::: Data to examine

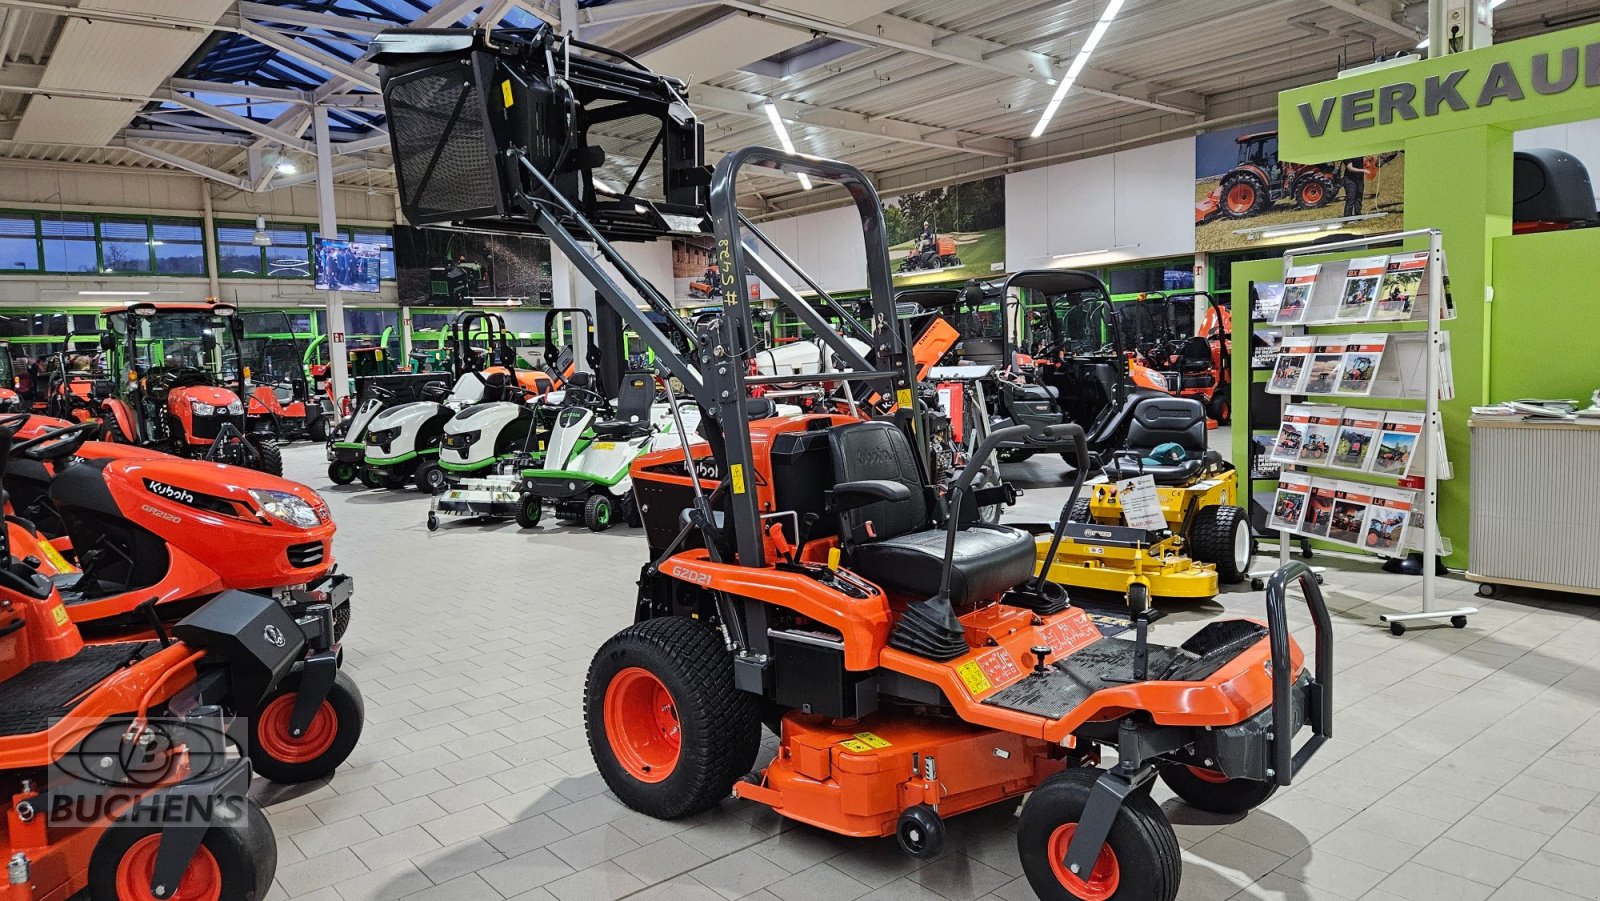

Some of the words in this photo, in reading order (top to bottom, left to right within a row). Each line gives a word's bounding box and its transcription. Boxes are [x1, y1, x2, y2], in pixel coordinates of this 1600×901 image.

[1344, 418, 1352, 426] M
[149, 480, 194, 503] Kubota
[141, 504, 182, 524] GR2120
[672, 565, 712, 585] GZD21

::::::

§ Work request
The material above must be reproduced line for line, with the images omitted.

§ Written answer
Some of the words in this photo, in reading order (top to bottom, left to right within a row). Each line gives a word's bounding box and its transcription. Boxes are [x1, y1, x2, y2], in pixel coordinates of this 1600×901 image.

[1344, 418, 1352, 426] M
[149, 480, 194, 503] Kubota
[141, 504, 182, 524] GR2120
[672, 565, 712, 585] GZD21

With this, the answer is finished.